Jiafu Tang, Yang Yu, Jia Li: An exact algorithm for …bin.t.u-tokyo.ac.jp/rzemi16/file/1-2.pdfJiafu Tang, Yang Yu, Jia Li: An exact algorithm for the multi-trip vehicle routing and

IntroducCon’ CS642:’’ Computer’Security’

Bierlaire, M., Chen, J., Newman, J., A probabilistic map ...bin.t.u-tokyo.ac.jp/rzemi13/test/伊藤3.pdf1-2-4-5-7-9と 1-2-4-6-7-9の2経路が考えられる ・データのDDRがネットワークのいずれかの部分を含むよう

Transportation system monitoring method by using …bin.t.u-tokyo.ac.jp/I-BinN-S/img/ibinn-seo.pdfTransportation system monitoring TSU method by using probe vehicles that observe other

Beyond’the’OWASP’Top’10’ - MDSec · 2015-05-02 · ©2011’MDSec’ConsulCng’Ltd.’’All’rights’reserved.’ ’’ IntroducCon’ Background’ Dangers&of&OWASP&Top&10&

Climate$Change$Adaptaon$&$ Sustainable$Design$atthe$$ … · 2020. 2. 3. · • IntroducCon$ • Projectgoals$ • Overview$of$climate$change$ • Research$methodology$ • Selected$strategies$

こうky 戦略的交通手段選定モデル ハイパーパス - …bin.t.u-tokyo.ac.jp/model16/presentation/F.pdf04. Estimation Results (MNL & NL & CNL) MNL NL CNL estimated parameter

c 2006 by Yaser Sheikh - UCF CRCV°c 2006 by Yaser Sheikh. ABSTRACT In this dissertation, we address the problem of object detection and object association across ... Khurram Shaﬁque,

Suspension-Firing of BiomassSuspension-Firing of Biomass. Part 2: Boiler Measurements of Ash Deposit Shedding Muhammad Shaﬁque Bashir,† Peter Arendt Jensen,*,† Flemming Frandsen,†

INTRODUCION AL PROJECT&FACILITY … · INTRODUCCON AL PROJECT FINANCE. GESTION DE CONCESIONES Y ... elaboración de trabajos y ejercicios prácticos. 7 Estrategias metodológicas

交通量配分bin.t.u-tokyo.ac.jp/kaken/pdf/traffic_assign tutrial for...ここではまず(1)～(4)の4節に分けて，確定的利用者均衡配分の基礎理論について説明します.

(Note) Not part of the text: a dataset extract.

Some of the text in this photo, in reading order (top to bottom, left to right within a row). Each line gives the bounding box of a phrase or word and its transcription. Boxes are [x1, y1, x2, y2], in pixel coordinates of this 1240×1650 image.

Shaﬁque N. Virani The Right Path: A Post-Mongol Persian Ismaili … · EpistleoftheRightPath(Risa¯la-yi _ Sira¯ _ t al-Mustaqı¯m),introduced,discussed,edited and translated

Shaﬁque N. Virani The Right Path: A Post-Mongol Persian ...The Right Path: A Post-Mongol Persian Ismaili Treatise TheEpistleoftheRightPath(Risa¯la-yi _ Sira¯ _ tal-Mustaqı¯m)isananonymoustreatise,

Idaho Democra,c Party Delegate Selec,on Plan For the 2020 ... · The State Delegate Selecon Plan For the 2020 Democra,c Na,onal Conven,on Table of Contents I. IntroducCon & DescripCon

Structural estimation for a route choice model with …bin.t.u-tokyo.ac.jp/model16/lecture/Oyama.pdfPath candidate set Large Small Pyo et al. (2001); Bierlaire et al. (2013) Oyama,

Shaﬁque Keshavjee 08-05.2018 Zürich - VBG

サポートベクトルマシーン についてbin.t.u-tokyo.ac.jp/rzemi14/file/12.pdf · 1995年にV.Vapnikによって統計的学習理論の枠 組みで提案された機械学習!

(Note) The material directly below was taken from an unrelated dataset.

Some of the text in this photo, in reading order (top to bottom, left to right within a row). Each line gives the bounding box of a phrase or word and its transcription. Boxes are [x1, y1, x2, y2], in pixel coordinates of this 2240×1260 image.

Application of AI for travel behavior modelling in urban ...bin.t.u-tokyo.ac.jp/model18/lecture/Chikaraishi.pdf · Take-home message: •There is a high possibility of utilizing machine

Study of Clustering Modes based on Choice of Transport across …bin.t.u-tokyo.ac.jp/model15/presentation/C.pdf · 2015-10-16 · Objectives of the study 1. To evaluate the spatial

The 2017 Suiier Course “Behavior Modelling in Transportation …bin.t.u-tokyo.ac.jp/model18/lecture/Urata2.pdf · 2018. 9. 24. · modelling with HPC Sep. 15, 2018 JunjiUrata (Univ.

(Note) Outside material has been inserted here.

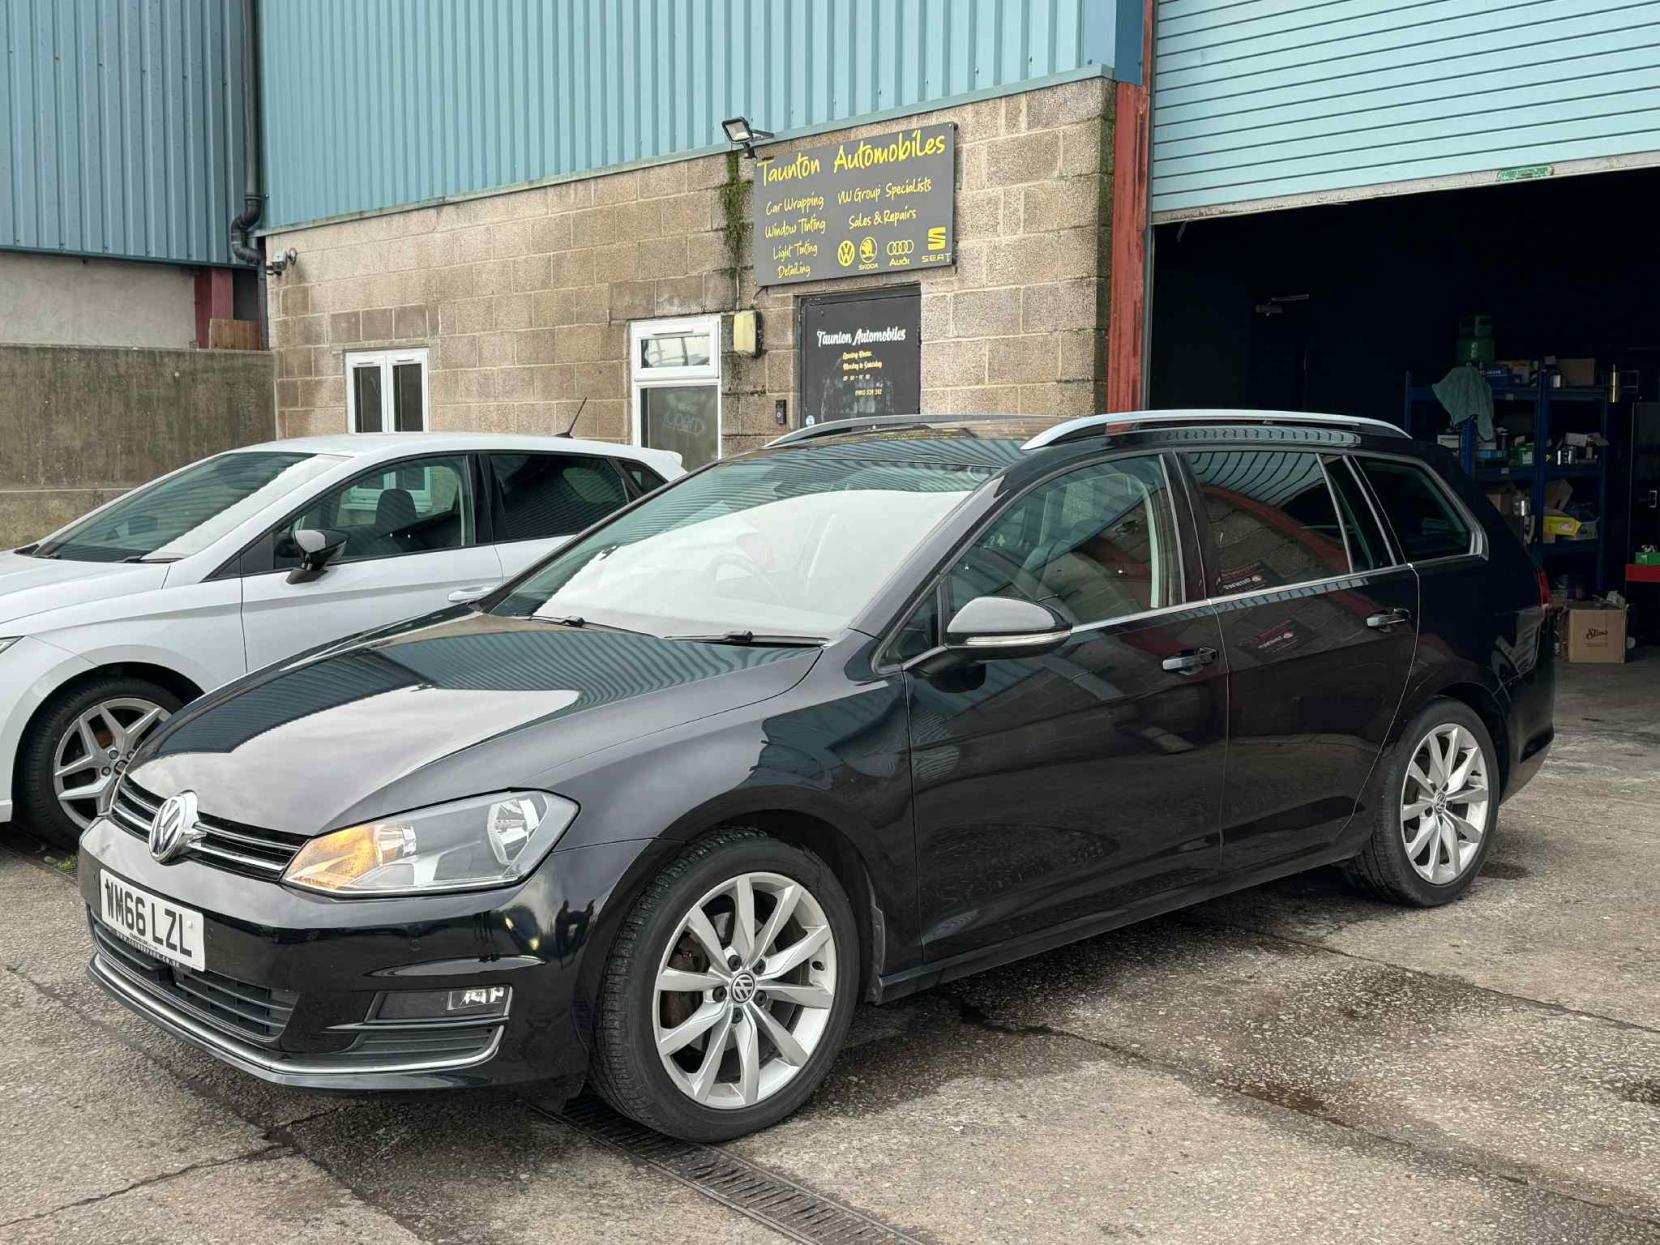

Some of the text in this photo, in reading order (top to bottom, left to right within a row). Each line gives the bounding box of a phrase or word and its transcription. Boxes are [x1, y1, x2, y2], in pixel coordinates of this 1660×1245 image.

Bierlaire, M., Chen, J., Newman, J., A probabilistic map ...bin.t.u-tokyo.ac.jp/rzemi13/test/伊藤3.pdf1-2-4-5-7-9と 1-2-4-6-7-9の2経路が考えられる・データのDDRがネットワークのいずれかの部分を含むよう

こうky 戦略的交通手段選定モデルハイパーパス - …bin.t.u-tokyo.ac.jp/model16/presentation/F.pdf04. Estimation Results (MNL & NL & CNL) MNL NL CNL estimated parameter

サポートベクトルマシーンについてbin.t.u-tokyo.ac.jp/rzemi14/file/12.pdf · 1995年にV.Vapnikによって統計的学習理論の枠組みで提案された機械学習!